Barber sees the household model as an extension of residential design. McMillan takes the recognizable features of a home — porches, living rooms that can be seen from an entryway, dining rooms with adjacent kitchens — and applies them in the layout of an assisted living or memory care facility.

“A home is familiar and is recognizable to most people, especially residents that are moving into these facilities,” he said. “How can we make this something that the resident is going to recognize as a home versus a place where care is delivered?”

Designing an assisted living facility from a residential perspective shifts how care is provided. In the household model, it does not serve as the design focal point from a resident’s perspective.

Instead, classic design features such as nursing stations are concealed in the background, allowing caregivers free rein to roam about the facility at all times, interacting with residents while still able to attend to their needs and emergencies.

One concept that Smith and his team have developed is a “double household model,” which takes two households with their own separate amenities and resident populations, and links those with a nurse’s station that is hidden from view.
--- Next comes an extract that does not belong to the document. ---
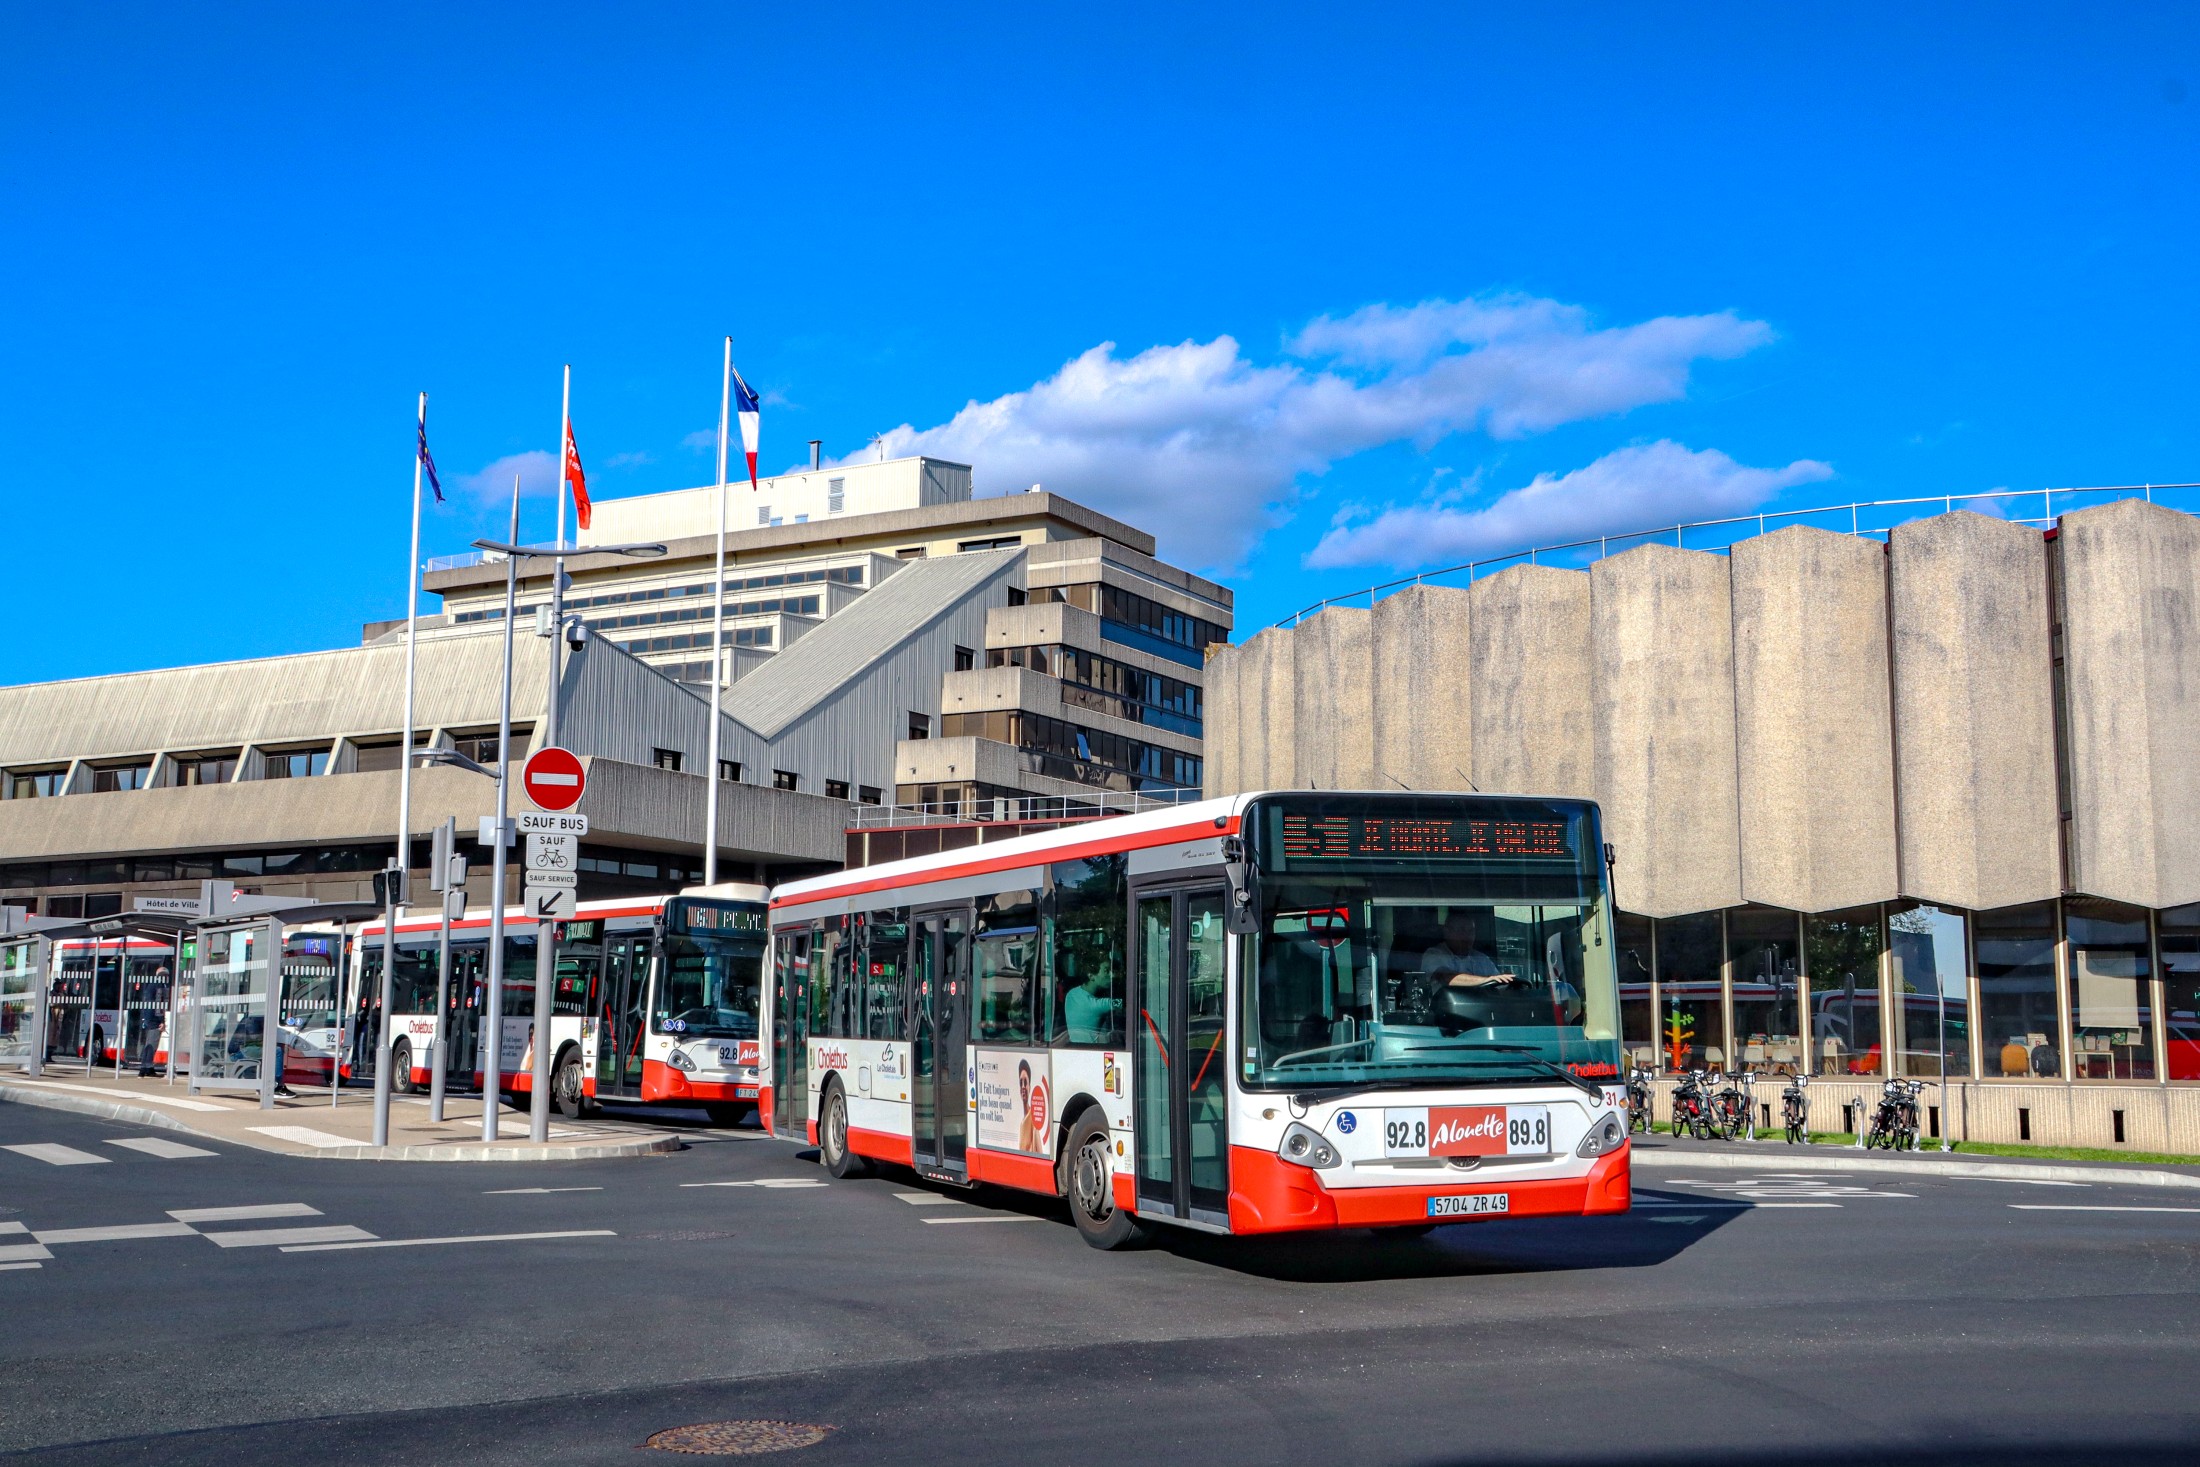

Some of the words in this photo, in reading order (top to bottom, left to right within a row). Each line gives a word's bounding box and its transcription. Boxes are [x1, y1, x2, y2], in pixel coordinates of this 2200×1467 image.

Staff corridors connect the station with the two households.

Common spaces such as lounges and dining rooms, meanwhile, are designed with a mix of communal gathering and smaller groups in mind — in line with another safety procedure implemented during Covid-19. Kitchens, in particular, are built so they meet commercial building requirements, yet retain a residential feel, and can be used by staff and residents alike.

The household model is designed to be scalable because it breaks down the total population of a campus. Most of the projects McMillan builds include between 16 and 22 units in one household. This is a sweet spot for care and staffing ratios, and gives residents more autonomy in their daily routines.

Barber believes the household model can help providers address staffing concerns by providing efficiencies in sight lines and flow, allowing fewer frontline workers to tend to a larger population while still maintaining access to their stations. Although the model is gaining traction in McMillan’s markets, some providers remain hesitant to explore the concept, believing that it might be unobtainable from a cost perspective.

“The most important thing is getting the operator to buy into that change,” he said. “We listen to the operators about what is important to them and incorporate those things, pushing them if needed into a new realm.”